> [Work to be completed] Down to the last line, restate the records below word for word, dropping every image.

> [Source material]
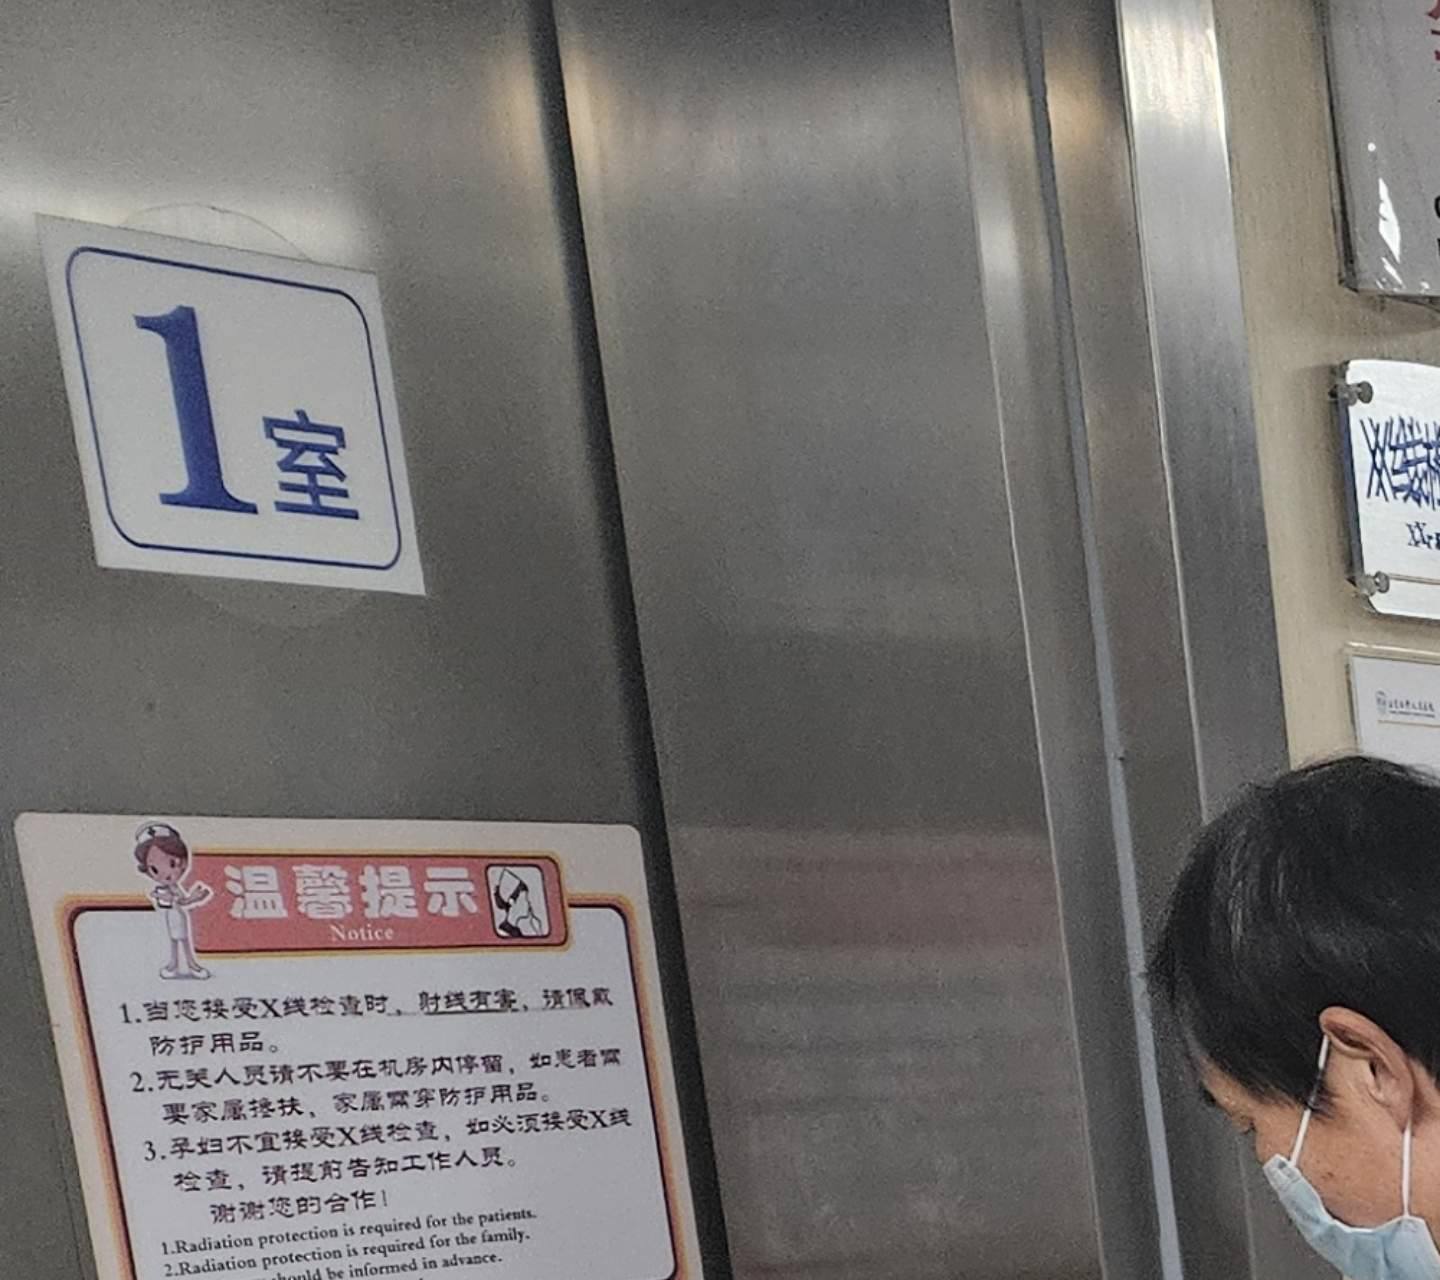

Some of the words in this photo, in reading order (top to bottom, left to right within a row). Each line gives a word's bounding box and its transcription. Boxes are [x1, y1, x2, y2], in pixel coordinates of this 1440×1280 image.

[223, 863, 479, 919] 温馨提示
[330, 923, 395, 943] Notice
[161, 1236, 254, 1256] 1.Radiation
[257, 1225, 339, 1250] protection
[343, 1223, 356, 1238] is
[359, 1216, 423, 1240] required
[425, 1213, 448, 1230] for
[451, 1211, 474, 1227] the
[477, 1206, 537, 1229] patients.
[164, 1256, 258, 1279] 2.Radiation
[261, 1246, 343, 1272] protection
[346, 1243, 359, 1258] is
[362, 1237, 426, 1262] required
[428, 1234, 451, 1250] for
[454, 1232, 477, 1248] the
[481, 1228, 531, 1248] family.
[348, 1260, 418, 1278] informed
[421, 1257, 438, 1272] in
[441, 1251, 503, 1269] advance.
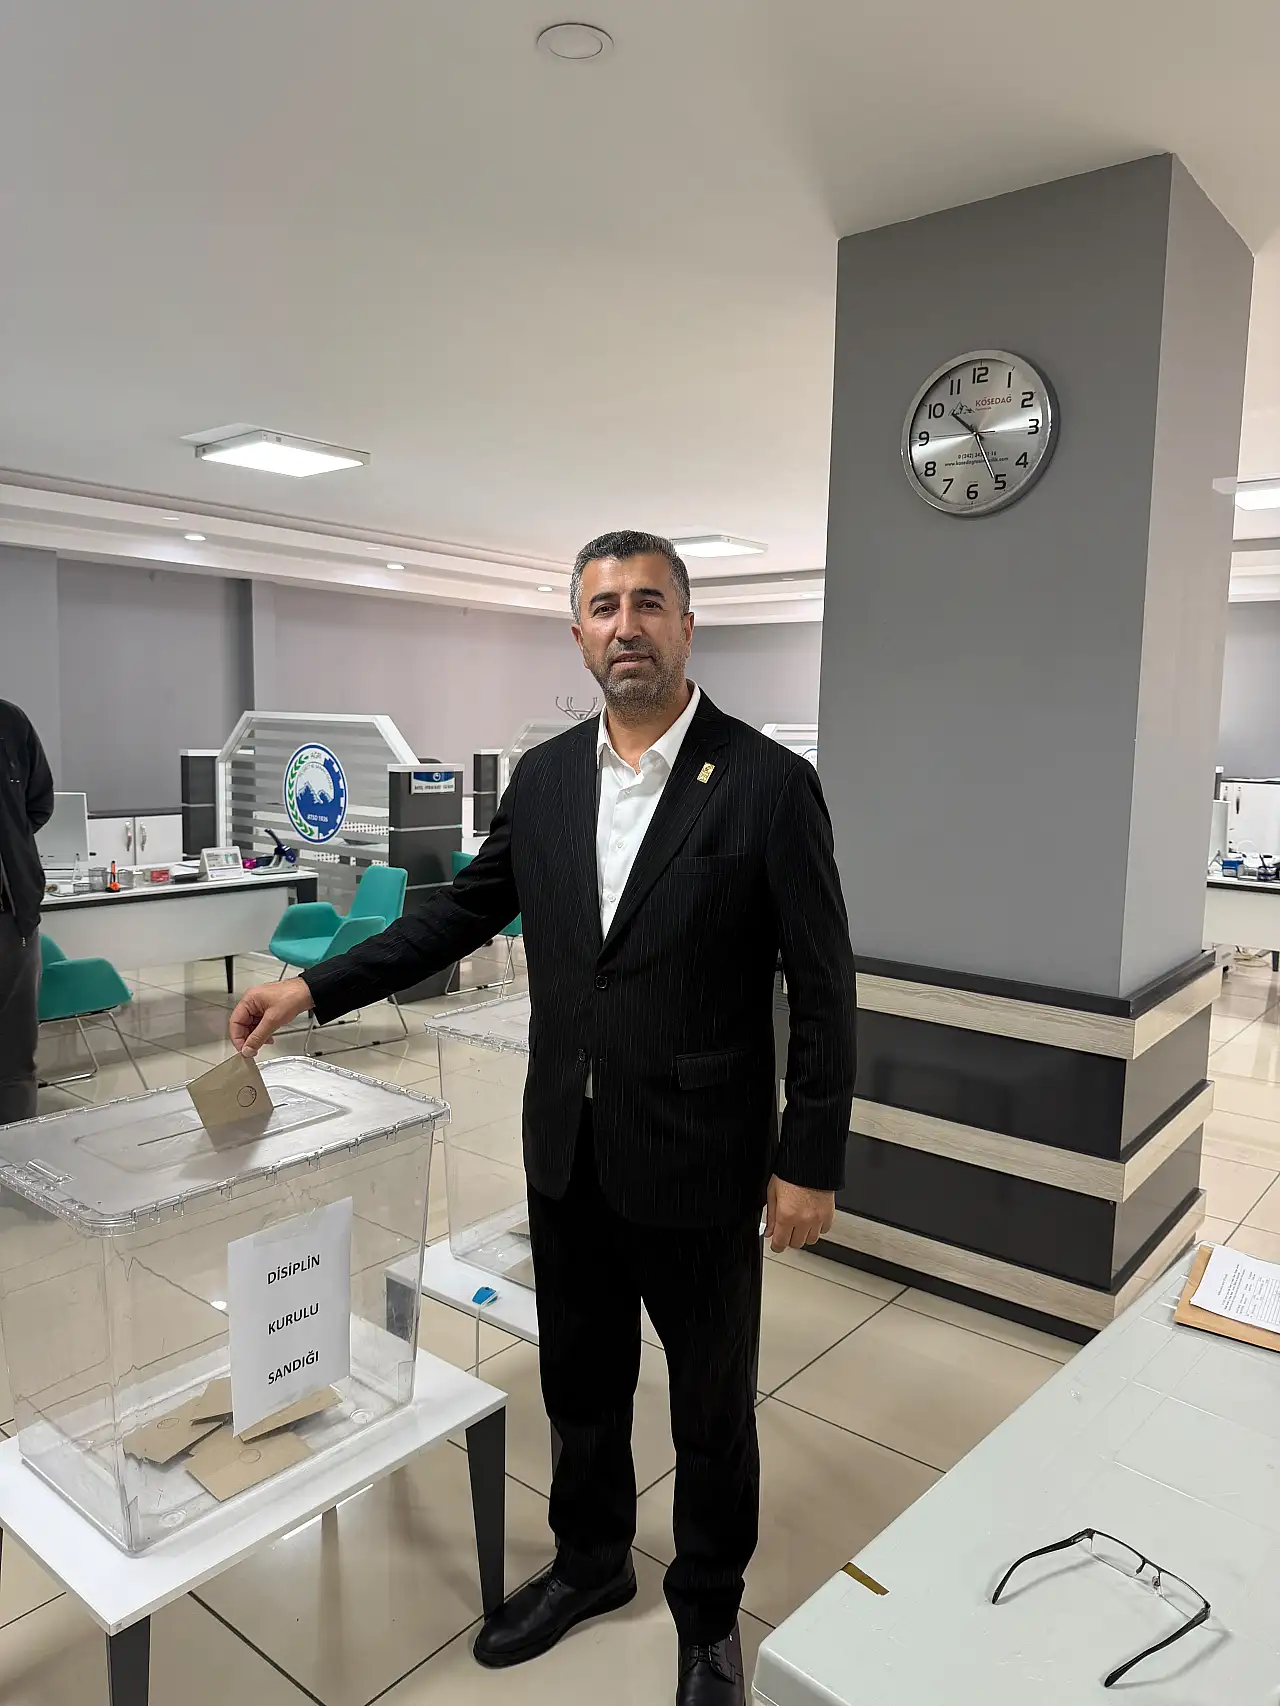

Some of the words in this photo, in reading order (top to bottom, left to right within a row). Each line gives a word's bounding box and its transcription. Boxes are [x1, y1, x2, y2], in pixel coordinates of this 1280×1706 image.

[971, 366, 990, 384] 12
[1007, 371, 1013, 388] 1
[949, 379, 961, 395] 11
[975, 394, 1012, 407] KÖSEDAĞ
[1021, 391, 1035, 408] 2
[928, 402, 945, 419] 10
[1027, 419, 1040, 435] 3
[918, 431, 930, 446] 9
[1015, 452, 1029, 468] 4
[924, 461, 937, 477] 8
[942, 478, 954, 494] 7
[994, 473, 1007, 490] 5
[966, 484, 979, 500] 6
[267, 1254, 320, 1285] DİSİPLİN
[268, 1302, 319, 1335] KURULU
[268, 1350, 320, 1385] SANDIĞI

> [Result]
Some of the words in this photo, in reading order (top to bottom, left to right within a row). Each line gives a word's bounding box and its transcription. Boxes are [x1, y1, x2, y2], in pixel coordinates of this 1440×1280 image.

[223, 863, 479, 919] 温馨提示
[330, 923, 395, 943] Notice
[161, 1236, 254, 1256] 1.Radiation
[257, 1225, 339, 1250] protection
[343, 1223, 356, 1238] is
[359, 1216, 423, 1240] required
[425, 1213, 448, 1230] for
[451, 1211, 474, 1227] the
[477, 1206, 537, 1229] patients.
[164, 1256, 258, 1279] 2.Radiation
[261, 1246, 343, 1272] protection
[346, 1243, 359, 1258] is
[362, 1237, 426, 1262] required
[428, 1234, 451, 1250] for
[454, 1232, 477, 1248] the
[481, 1228, 531, 1248] family.
[348, 1260, 418, 1278] informed
[421, 1257, 438, 1272] in
[441, 1251, 503, 1269] advance.

Some of the words in this photo, in reading order (top to bottom, left to right within a row). Each line gives a word's bounding box and its transcription. Boxes are [x1, y1, x2, y2], in pixel coordinates of this 1280×1706 image.

[971, 366, 990, 384] 12
[1007, 371, 1013, 388] 1
[949, 379, 961, 395] 11
[975, 394, 1012, 407] KÖSEDAĞ
[1021, 391, 1035, 408] 2
[928, 402, 945, 419] 10
[1027, 419, 1040, 435] 3
[918, 431, 930, 446] 9
[1015, 452, 1029, 468] 4
[924, 461, 937, 477] 8
[942, 478, 954, 494] 7
[994, 473, 1007, 490] 5
[966, 484, 979, 500] 6
[267, 1254, 320, 1285] DİSİPLİN
[268, 1302, 319, 1335] KURULU
[268, 1350, 320, 1385] SANDIĞI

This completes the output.